Print every record exactly, but leave out the pictures.

┏━━

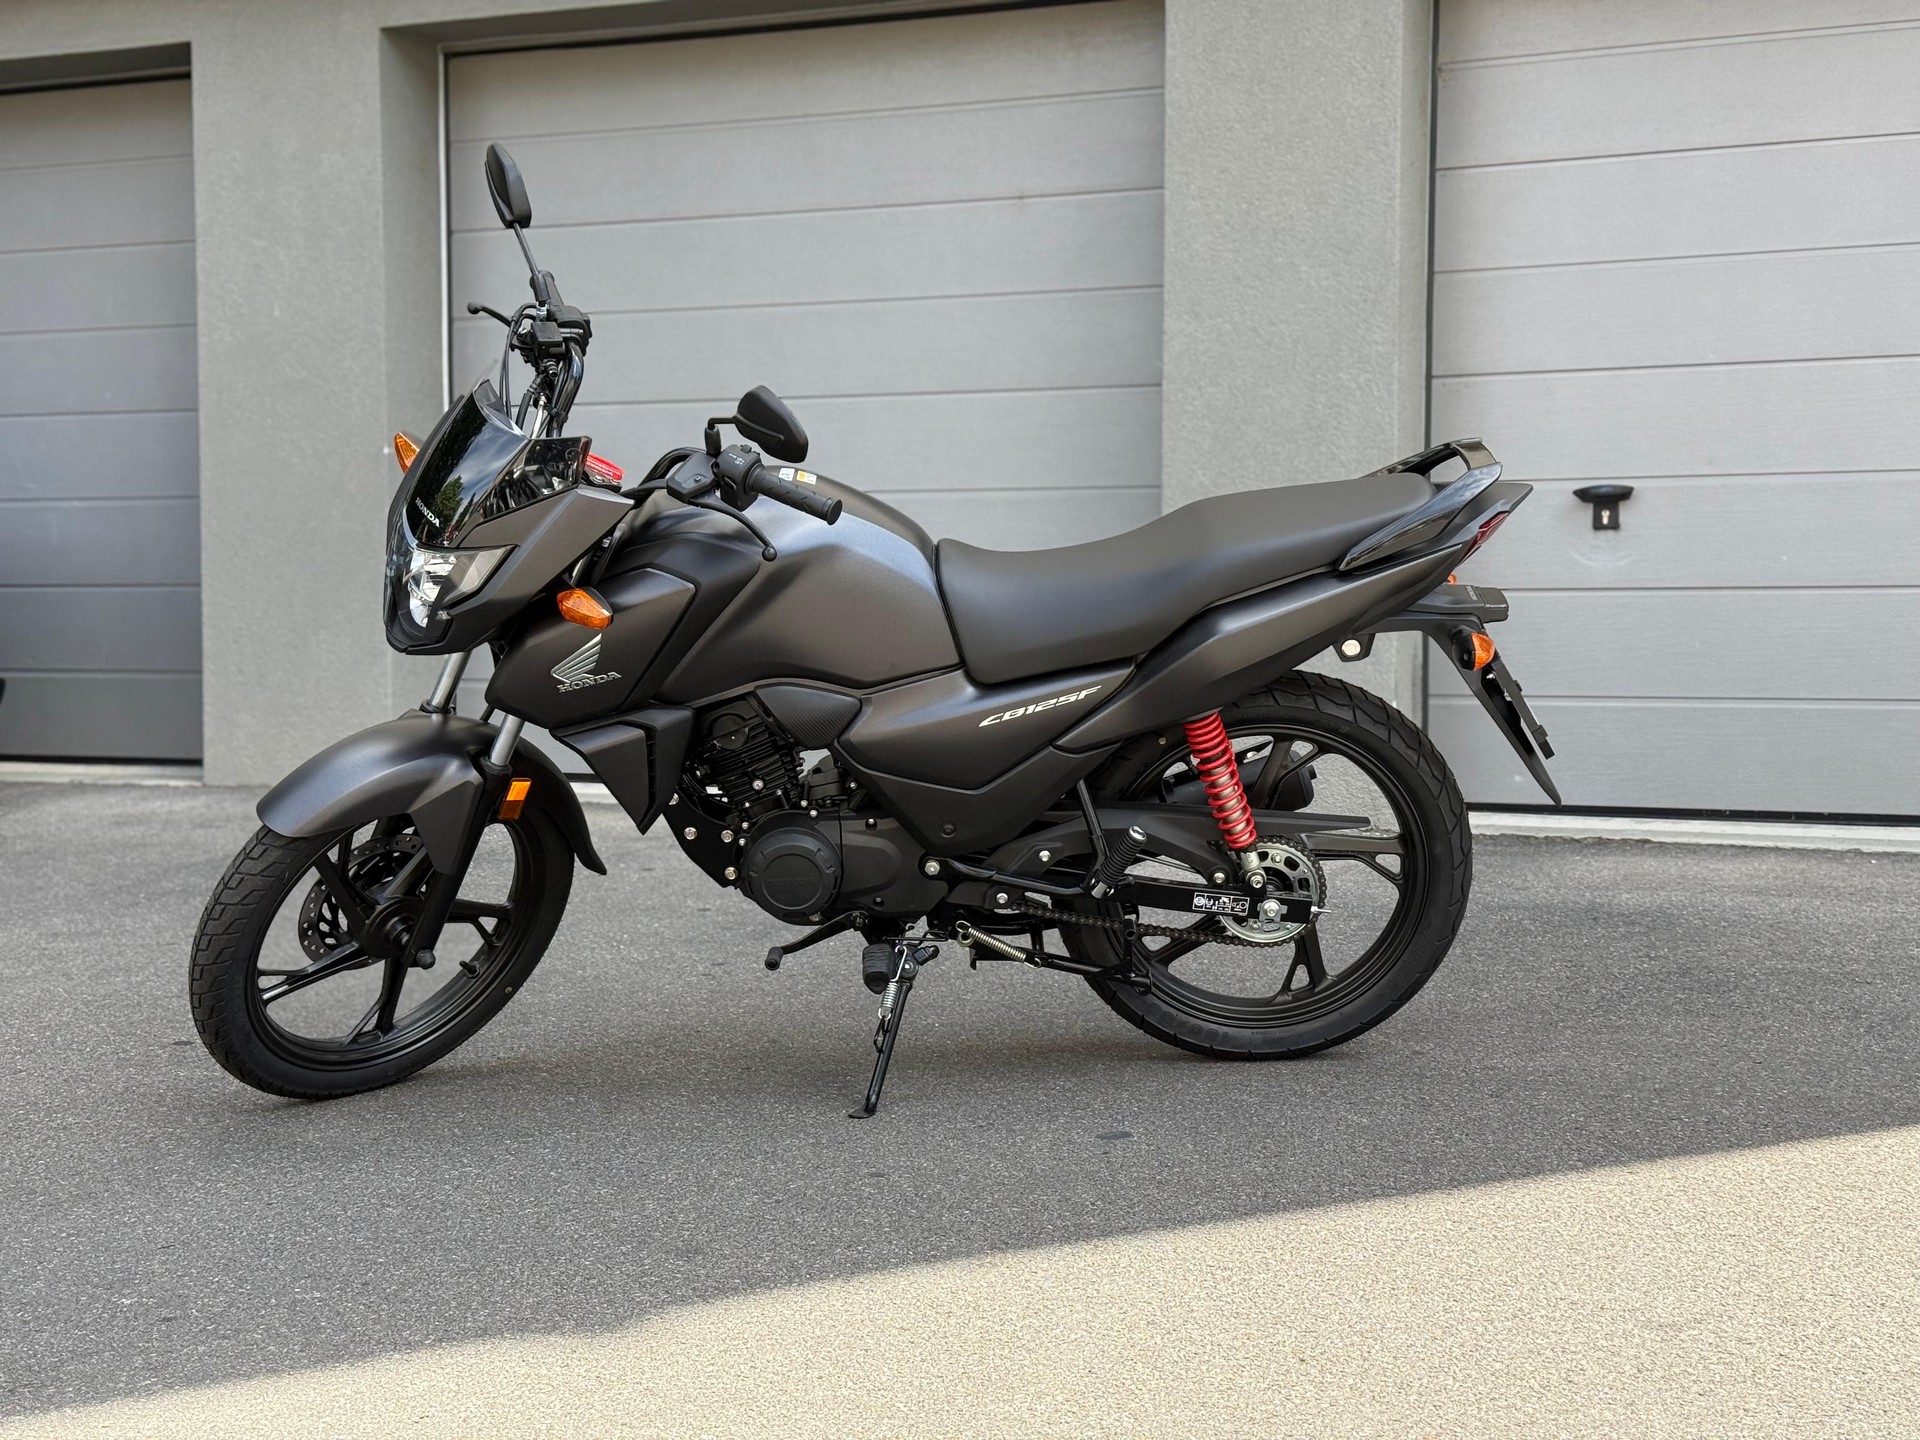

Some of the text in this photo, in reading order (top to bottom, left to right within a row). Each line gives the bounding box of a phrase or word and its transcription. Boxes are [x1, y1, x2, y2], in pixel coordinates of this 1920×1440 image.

[415, 496, 440, 528] HONDA
[556, 671, 622, 693] HONDA
[978, 685, 1102, 728] CB125F
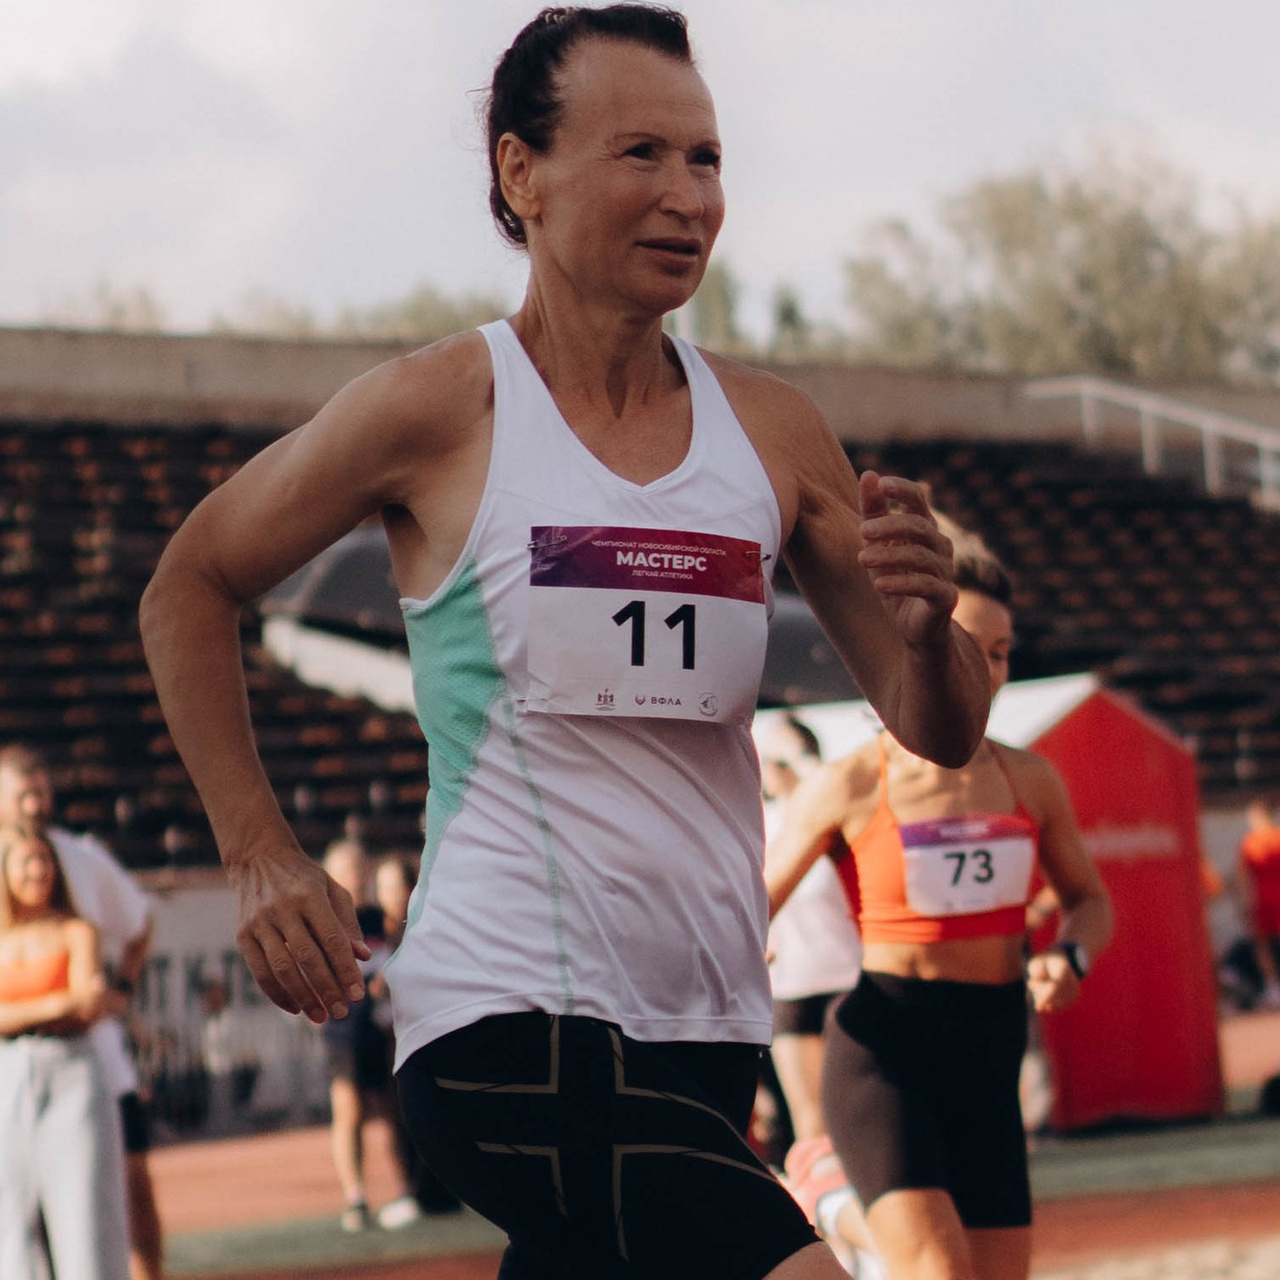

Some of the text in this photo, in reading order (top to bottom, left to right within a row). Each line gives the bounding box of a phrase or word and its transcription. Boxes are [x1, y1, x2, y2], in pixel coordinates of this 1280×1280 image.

[616, 550, 707, 572] МАСТЕРС
[611, 600, 696, 670] 11
[650, 696, 682, 706] ВФЛА
[943, 848, 995, 886] 73
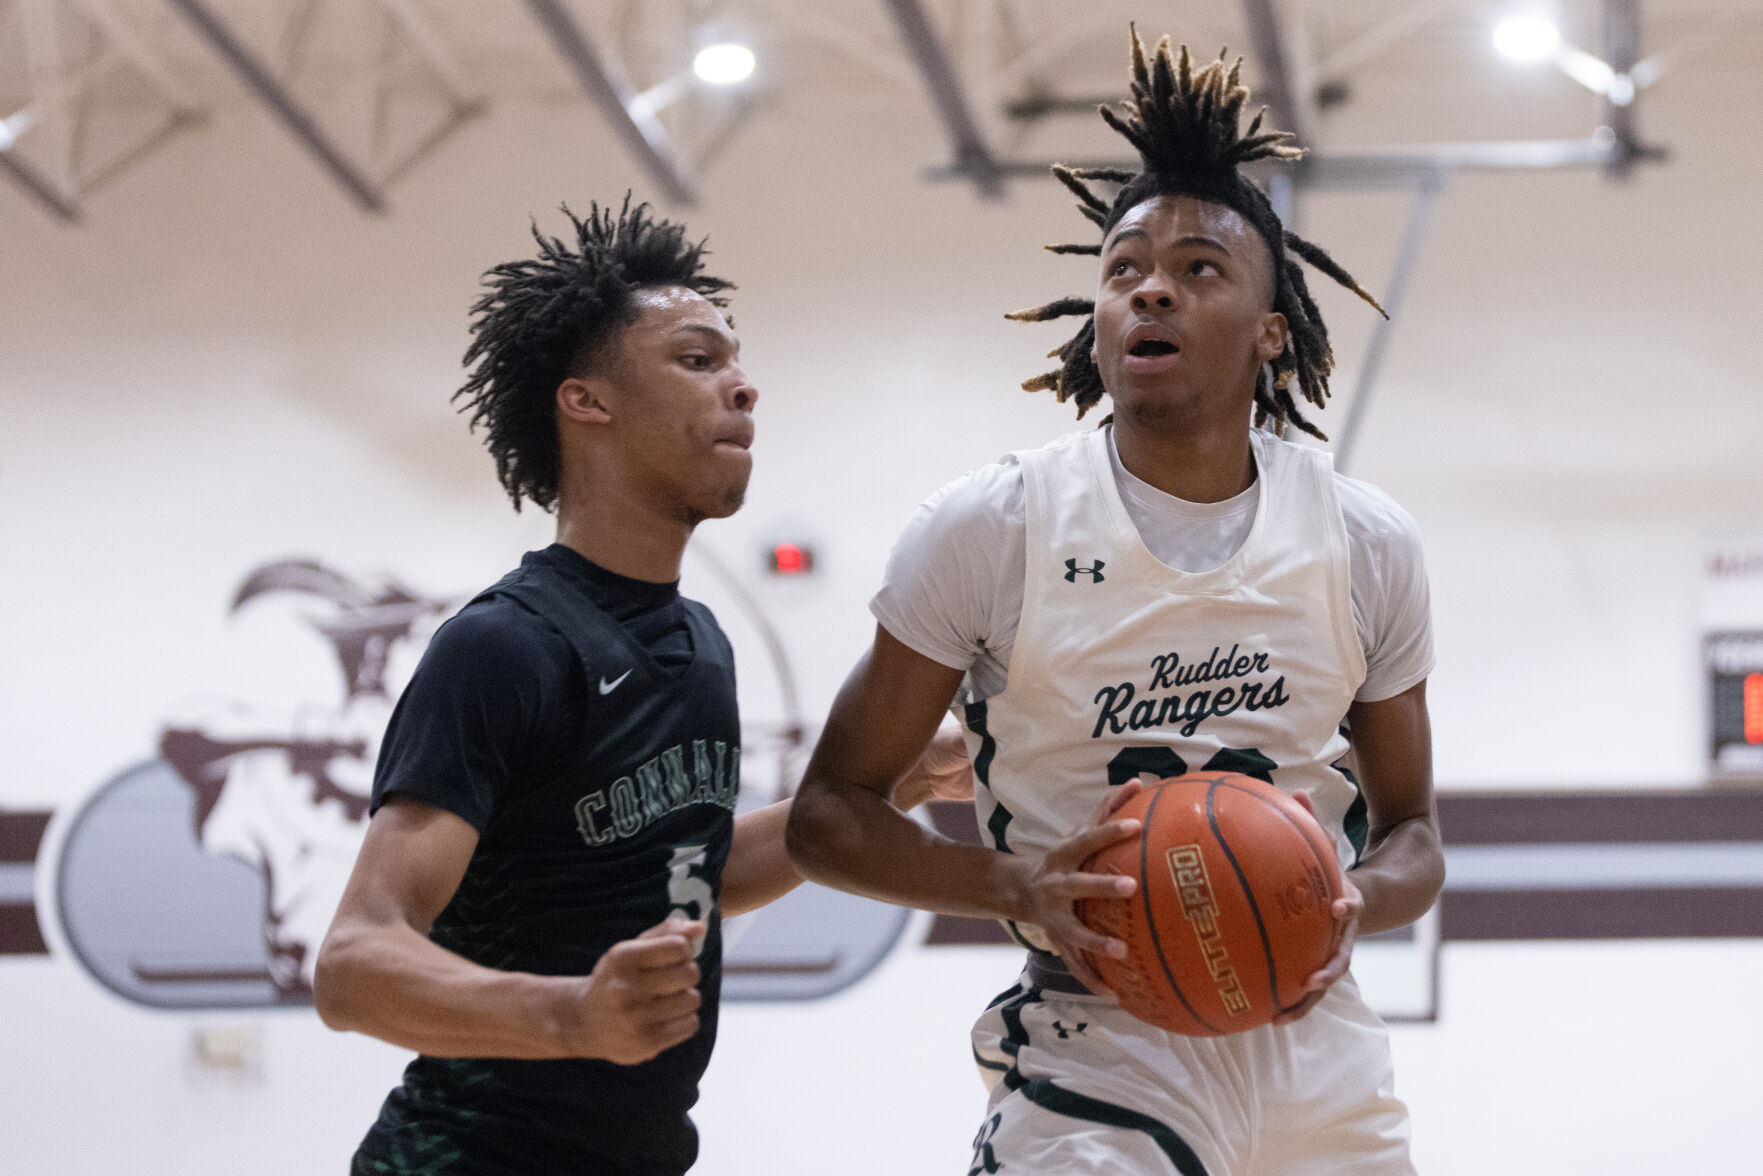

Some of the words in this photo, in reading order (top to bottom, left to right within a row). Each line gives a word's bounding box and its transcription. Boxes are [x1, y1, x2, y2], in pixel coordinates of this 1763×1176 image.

[1149, 643, 1269, 691] Rudder
[1091, 675, 1290, 739] Rangers
[666, 843, 714, 959] 5
[1170, 848, 1212, 908] PRO
[1187, 903, 1251, 1018] ELITE

┗━━

* RESULT OF THIS TASK
Some of the text in this photo, in reading order (top to bottom, left to right within a row). Each line gives the bounding box of a phrase or word and its transcription. Boxes are [x1, y1, x2, y2], in pixel coordinates of this 1920×1440 image.

[415, 496, 440, 528] HONDA
[556, 671, 622, 693] HONDA
[978, 685, 1102, 728] CB125F

Some of the text in this photo, in reading order (top to bottom, left to right within a row). Each line gives the bounding box of a phrase or word and its transcription. Boxes are [x1, y1, x2, y2], in pixel coordinates of this 1280×1280 image.

[616, 550, 707, 572] МАСТЕРС
[611, 600, 696, 670] 11
[650, 696, 682, 706] ВФЛА
[943, 848, 995, 886] 73

Some of the words in this photo, in reading order (top to bottom, left to right within a row). Each line gives a word's bounding box and its transcription. Boxes are [x1, y1, x2, y2], in pixel coordinates of this 1763×1176 image.

[1149, 643, 1269, 691] Rudder
[1091, 675, 1290, 739] Rangers
[666, 843, 714, 959] 5
[1170, 848, 1212, 908] PRO
[1187, 903, 1251, 1018] ELITE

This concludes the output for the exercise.